***** SUPPLIED DATA

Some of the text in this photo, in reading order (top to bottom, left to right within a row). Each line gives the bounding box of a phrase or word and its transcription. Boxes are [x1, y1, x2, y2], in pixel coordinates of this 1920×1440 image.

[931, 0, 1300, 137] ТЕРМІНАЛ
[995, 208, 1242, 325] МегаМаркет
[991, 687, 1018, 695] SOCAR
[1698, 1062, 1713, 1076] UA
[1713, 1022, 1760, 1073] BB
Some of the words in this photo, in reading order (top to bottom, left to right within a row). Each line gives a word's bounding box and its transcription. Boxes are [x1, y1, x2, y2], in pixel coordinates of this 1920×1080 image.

**********
***** SUPPLIED DATA

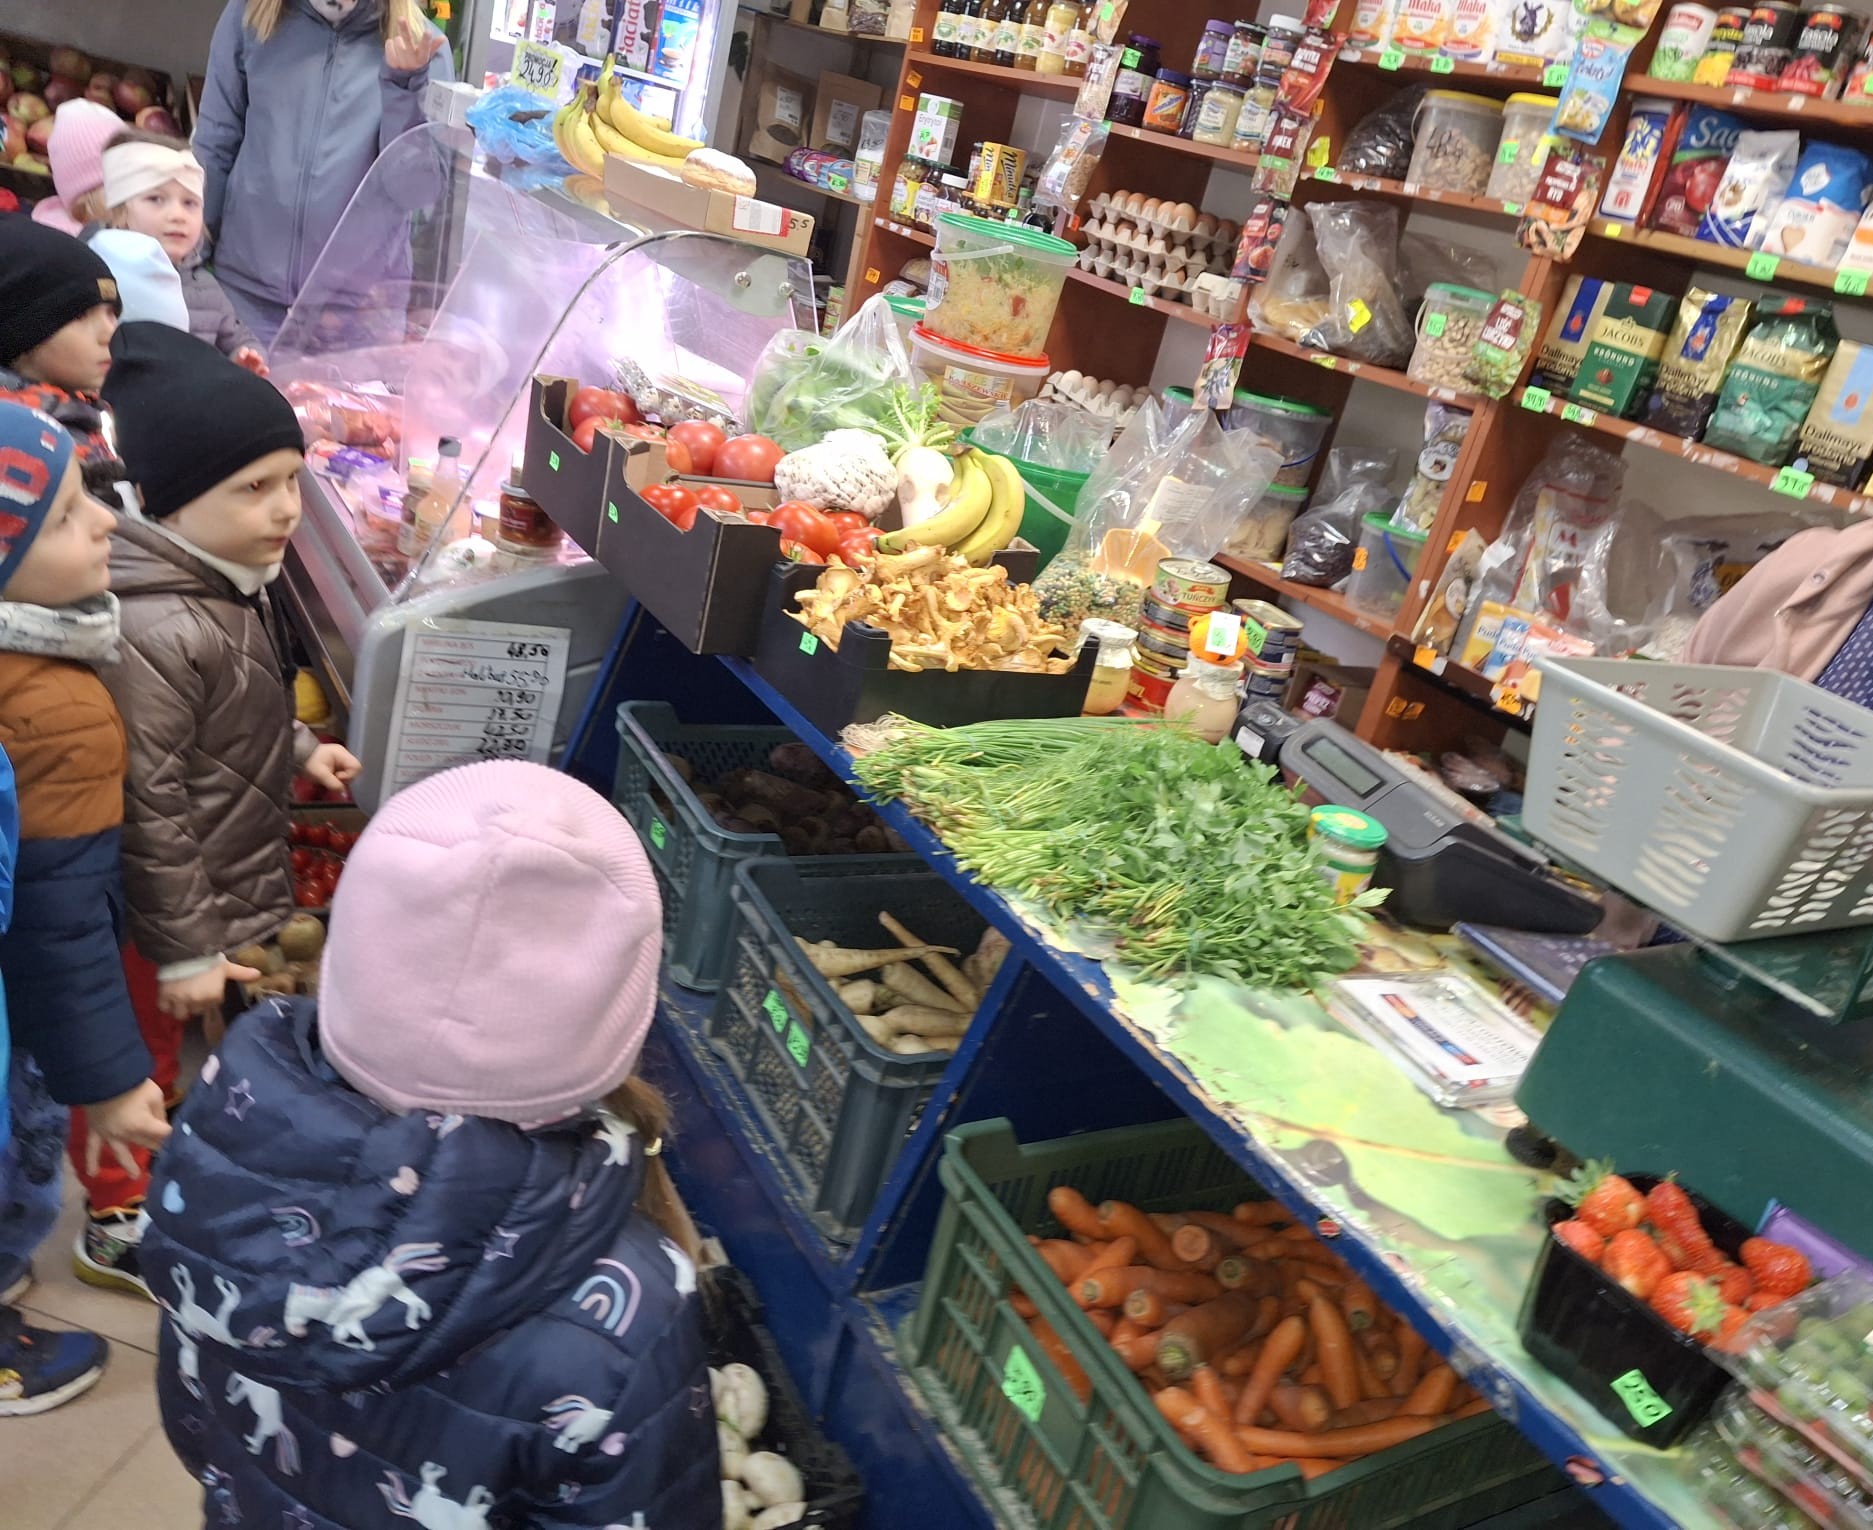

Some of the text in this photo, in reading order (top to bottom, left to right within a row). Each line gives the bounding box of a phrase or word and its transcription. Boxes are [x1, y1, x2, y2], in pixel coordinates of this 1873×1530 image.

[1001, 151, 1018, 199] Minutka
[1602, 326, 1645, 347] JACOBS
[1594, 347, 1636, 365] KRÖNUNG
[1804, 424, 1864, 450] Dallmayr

**********
***** SUPPLIED DATA

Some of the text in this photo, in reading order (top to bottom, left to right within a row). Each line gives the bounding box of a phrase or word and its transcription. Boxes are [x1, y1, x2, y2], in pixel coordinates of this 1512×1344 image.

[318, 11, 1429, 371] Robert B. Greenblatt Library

**********

EXERCISE: Output exactly one stretch of the listing: from the line containing "this 1920×1440 image." through the line containing "Some of the words", both end lines included.

RESPONSE:
Some of the text in this photo, in reading order (top to bottom, left to right within a row). Each line gives the bounding box of a phrase or word and its transcription. Boxes are [x1, y1, x2, y2], in pixel coordinates of this 1920×1440 image.

[931, 0, 1300, 137] ТЕРМІНАЛ
[995, 208, 1242, 325] МегаМаркет
[991, 687, 1018, 695] SOCAR
[1698, 1062, 1713, 1076] UA
[1713, 1022, 1760, 1073] BB
Some of the words in this photo, in reading order (top to bottom, left to right within a row). Each line gives a word's bounding box and its transcription. Boxes are [x1, y1, x2, y2], in pixel coordinates of this 1920×1080 image.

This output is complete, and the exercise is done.